**Records from a data collection:**
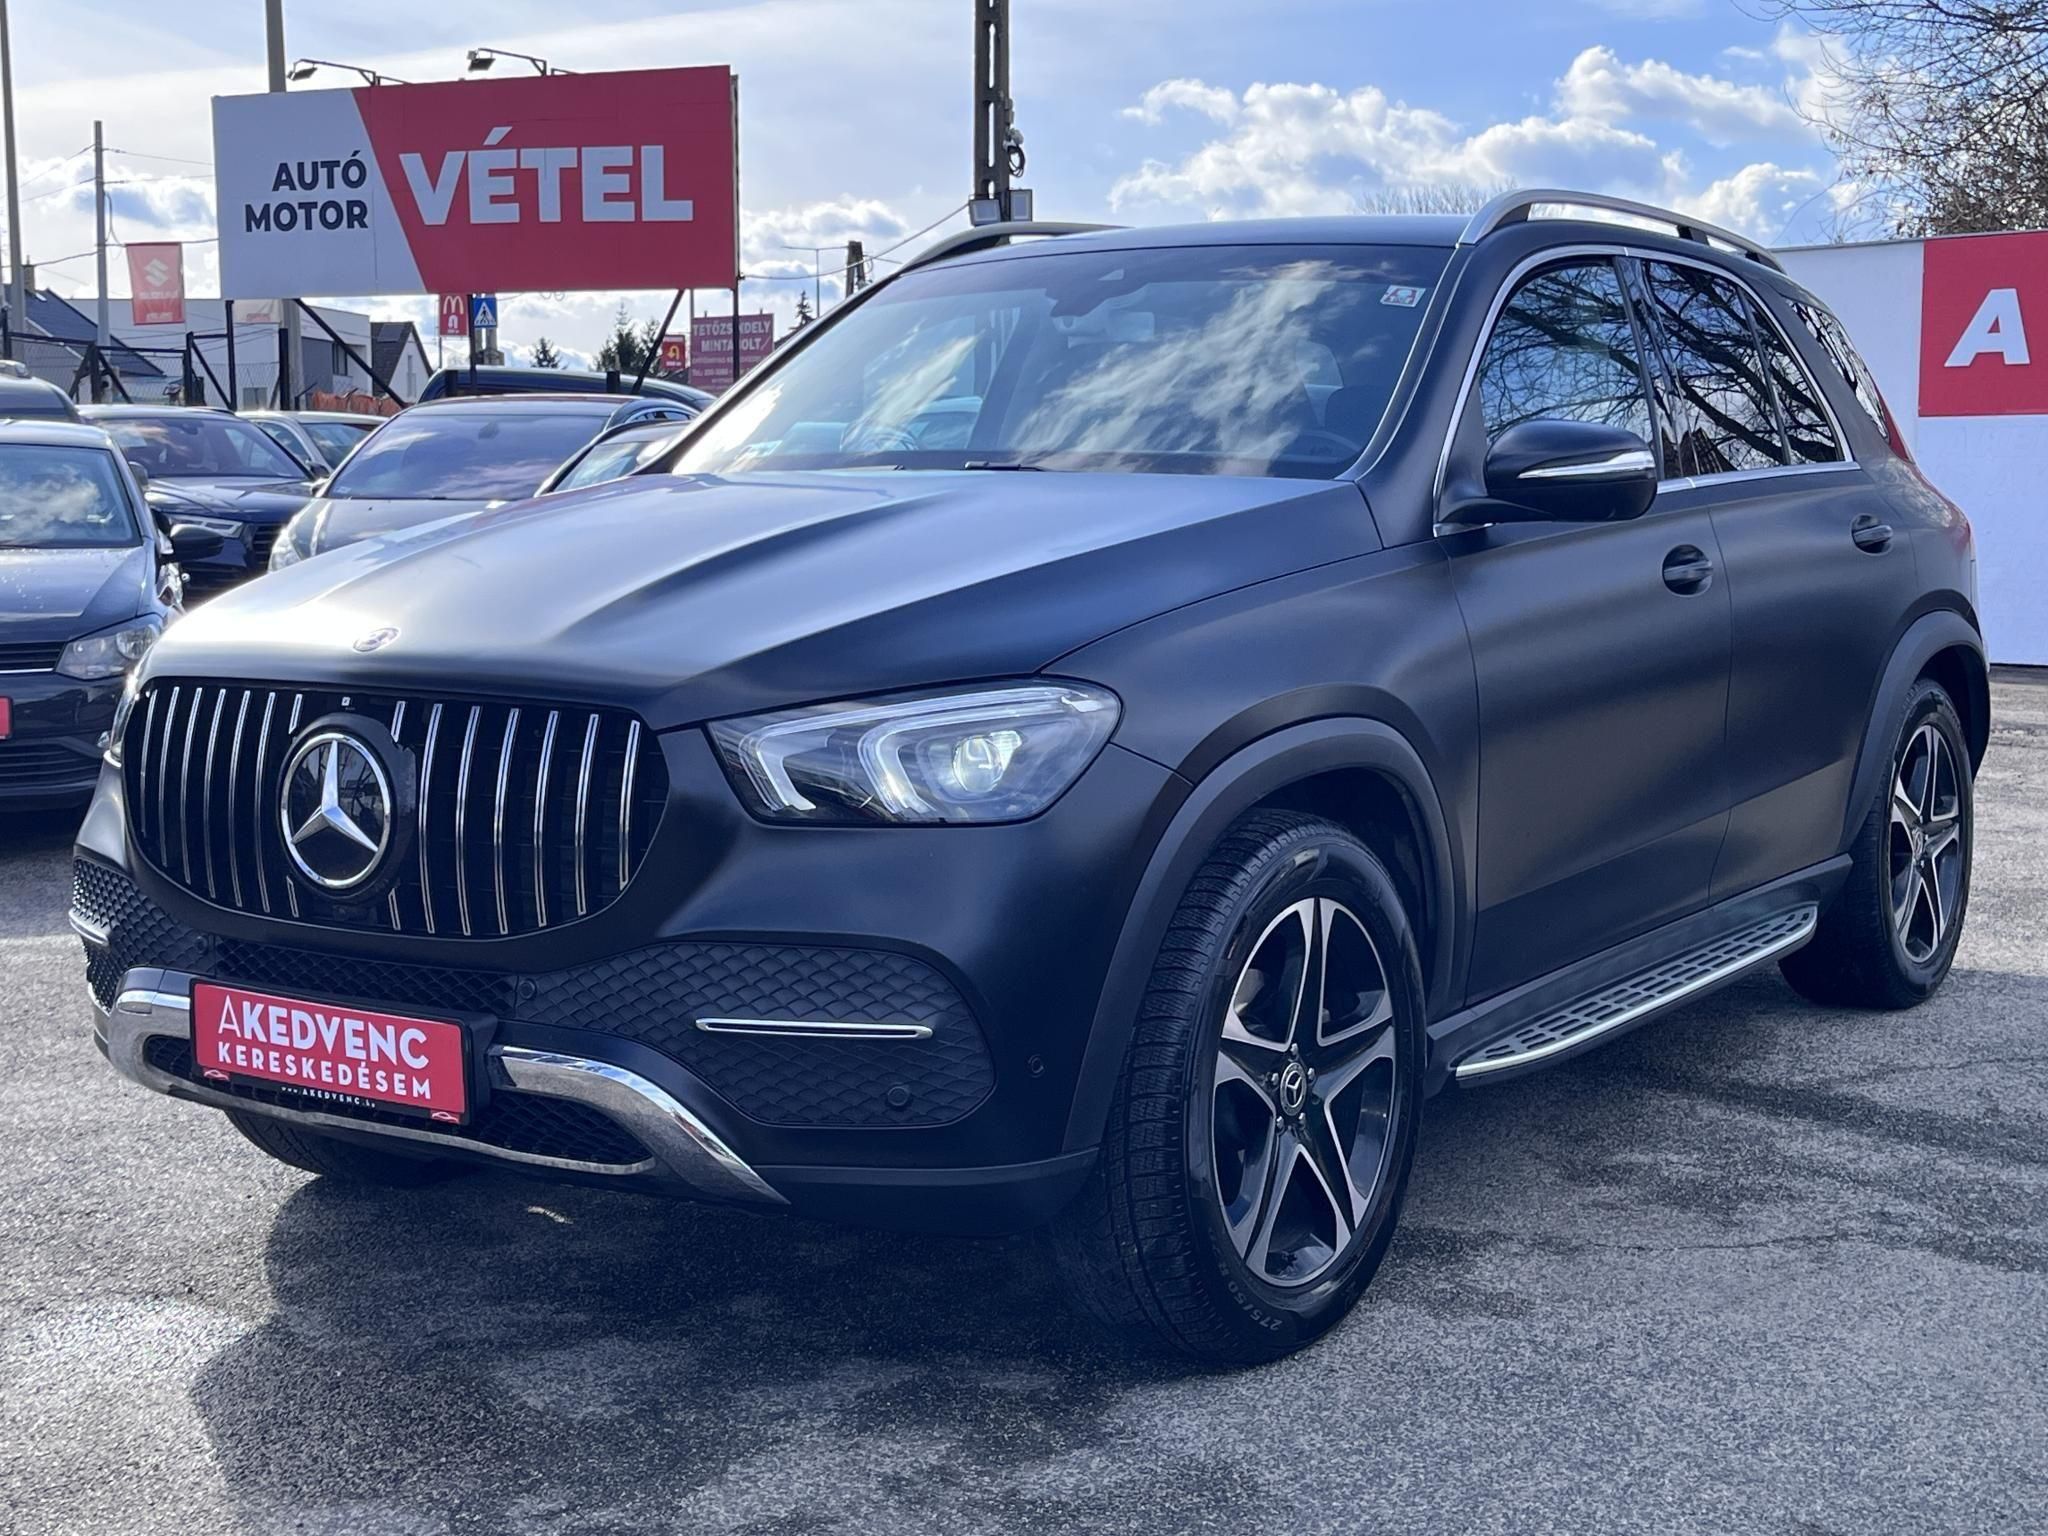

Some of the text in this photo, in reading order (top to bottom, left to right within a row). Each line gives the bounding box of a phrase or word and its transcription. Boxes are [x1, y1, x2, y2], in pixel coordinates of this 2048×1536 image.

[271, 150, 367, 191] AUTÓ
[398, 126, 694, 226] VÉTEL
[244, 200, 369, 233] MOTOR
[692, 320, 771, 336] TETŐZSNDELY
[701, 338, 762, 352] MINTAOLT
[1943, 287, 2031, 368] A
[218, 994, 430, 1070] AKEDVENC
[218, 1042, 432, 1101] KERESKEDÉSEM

**Task goal:** Take every record and copy it word for word, dropping the pictures.

**Exercise solution:**
Some of the text in this photo, in reading order (top to bottom, left to right within a row). Each line gives the bounding box of a phrase or word and its transcription. Boxes are [x1, y1, x2, y2], in pixel coordinates of this 2048×1536 image.

[271, 150, 367, 191] AUTÓ
[398, 126, 694, 226] VÉTEL
[244, 200, 369, 233] MOTOR
[692, 320, 771, 336] TETŐZSNDELY
[701, 338, 762, 352] MINTAOLT
[1943, 287, 2031, 368] A
[218, 994, 430, 1070] AKEDVENC
[218, 1042, 432, 1101] KERESKEDÉSEM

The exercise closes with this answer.